People · Zora Arkus-Duntov · Chapter 3 of 11
The Escape
France — 1939–1940
When the war comes, the Arkus-Duntov brothers do not run. They enlist. Zora and Yura join the French Air Force — two Russian-born Jewish émigrés volunteering to fly for their adopted country against the regime they escaped. Then, in May 1940, the German army does to France in six weeks what four years of the previous war could not, and suddenly the question is no longer how to fight. It is how to live until Friday.
What follows is the stuff of films — except it is documented fact. With France collapsing, Zora works the crumbling bureaucracy and secures exit visas from the Spanish consulate in Marseilles: for himself, for Elfi, for Yura, for his parents. One family, snatched whole out of the fire. But Elfi is not in Marseilles. She is in Paris — and the Wehrmacht is arriving.

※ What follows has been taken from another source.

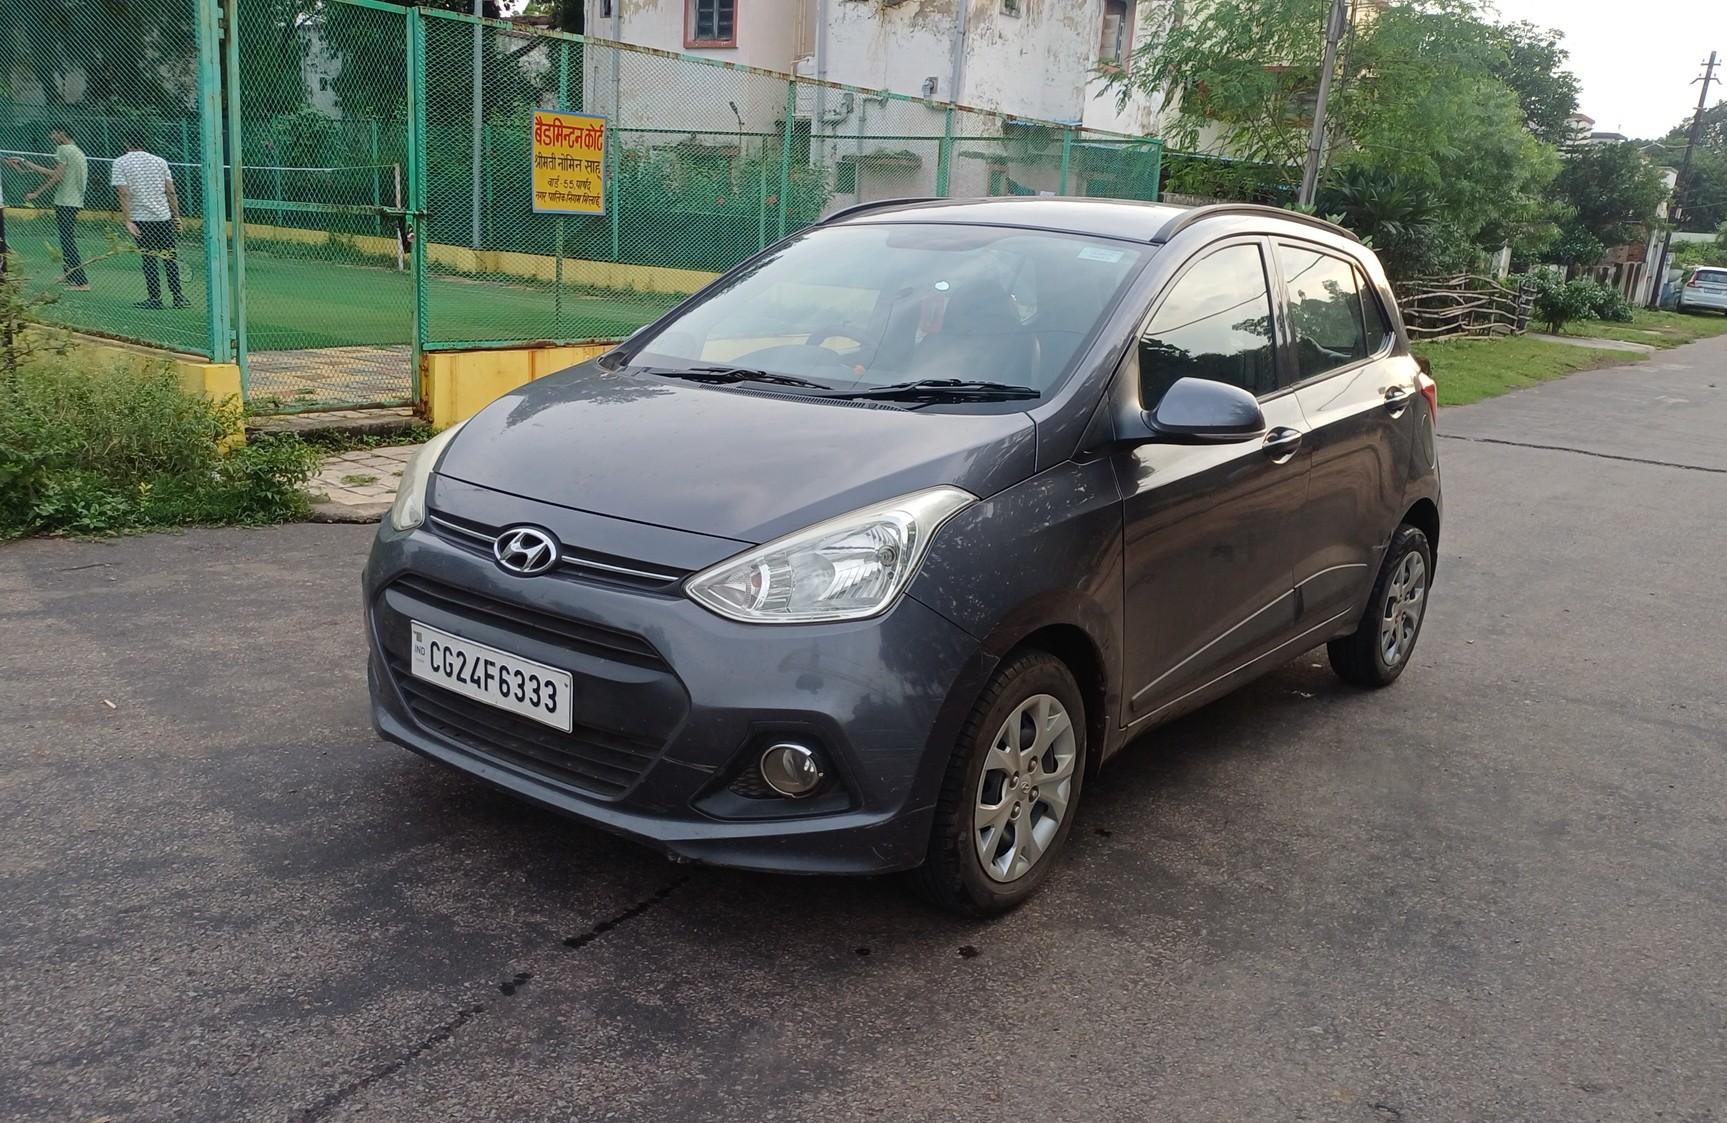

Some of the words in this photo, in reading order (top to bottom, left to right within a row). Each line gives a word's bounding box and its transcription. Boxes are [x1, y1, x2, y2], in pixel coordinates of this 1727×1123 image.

So the twenty-year-old dancer gets into her little MG, alone, and drives. South out of Paris into the greatest refugee river in European history — millions on the roads, columns strafed from the air, fuel almost unobtainable — one small open sports car threading through the chaos to Bordeaux, one step ahead of the German army. She makes it. Days later she and Zora find each other, the family crosses into Portugal, and from Lisbon they board a ship for New York.
Husband and wife, matched: he escaped Europe with visas and nerve; she outran an invasion in an MG.
New York City — the 1940s
America gets the Arkus-Duntov brothers at full boil. They set up shop in New York as the Ardun Mechanical Corporation — AR from Arkus, DUN from Duntov — doing precision war work, machining and engineering for the military. Competence pays the rent. But when the war ends, Ardun pivots to the project that makes the name immortal in American hot rodding.

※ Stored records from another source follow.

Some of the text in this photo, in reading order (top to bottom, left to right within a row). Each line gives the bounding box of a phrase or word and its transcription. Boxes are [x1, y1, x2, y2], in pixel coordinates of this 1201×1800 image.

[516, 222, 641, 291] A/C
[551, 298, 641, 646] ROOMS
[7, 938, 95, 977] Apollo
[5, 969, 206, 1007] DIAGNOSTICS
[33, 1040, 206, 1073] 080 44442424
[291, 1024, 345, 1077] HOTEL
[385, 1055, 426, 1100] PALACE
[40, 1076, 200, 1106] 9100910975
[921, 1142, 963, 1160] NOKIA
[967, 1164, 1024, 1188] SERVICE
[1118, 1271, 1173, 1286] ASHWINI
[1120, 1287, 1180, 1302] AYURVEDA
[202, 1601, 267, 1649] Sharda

The Ford flathead V8 was America's engine — cheap, everywhere, beloved — and aerodynamically asthmatic, its exhaust routed through the block, its breathing strangled by its own architecture, prone to cooking itself under load. Zora's answer was surgical: throw the flat heads away. In their place, Ardun built gorgeous cast-aluminum overhead-valve conversion heads with hemispherical combustion chambers — "hemi" heads for the people's engine, years before Chrysler made the word famous. Breathing freed, a warmed-up Ardun flathead could push past 300 horsepower in an era when the stock engine made about a hundred. Hot rodders and land-speed racers treated the kits like religious artifacts then. They still do: genuine Ardun heads are museum pieces today, and the design has been revived and reproduced by devotees ever since.
England — 1950
The Ardun heads earn Zora exactly the right kind of fame. In 1950 Sydney Allard — the London builder stuffing big American V8s into brutal, minimalist British sports cars — brings him across the Atlantic to develop the breed. Allards were crude and magnificent, and they were competitive at the very top: an Allard finished third overall at Le Mans in 1950.
Development work comes with a helmet. Zora co-drives the 24 Hours of Le Mans in Allard J2s in 1952 and 1953 — full factory-class endurance racing against Ferrari, Jaguar, and Mercedes-Benz. The results are unkind (Allards were fast until they weren't), but the education is priceless. By his mid-forties, Zora Arkus-Duntov has been a supercharging theorist, a war materiel engineer, a speed-parts industrialist, and a works-level endurance racer. There is no one else on Earth with quite this résumé.
In 1952, back in the States and consulting for Fairchild Aviation, he is professionally restless. The Ardun adventure is behind him; the Allard chapter is winding down; American sports car culture is exploding around him, entirely powered by European machinery. What he needs — though he doesn't know it yet — is waiting under stage lights in the ballroom of a Manhattan hotel.
It is white. It is gorgeous. And it is, in Zora's cold professional judgment, a complete fraud.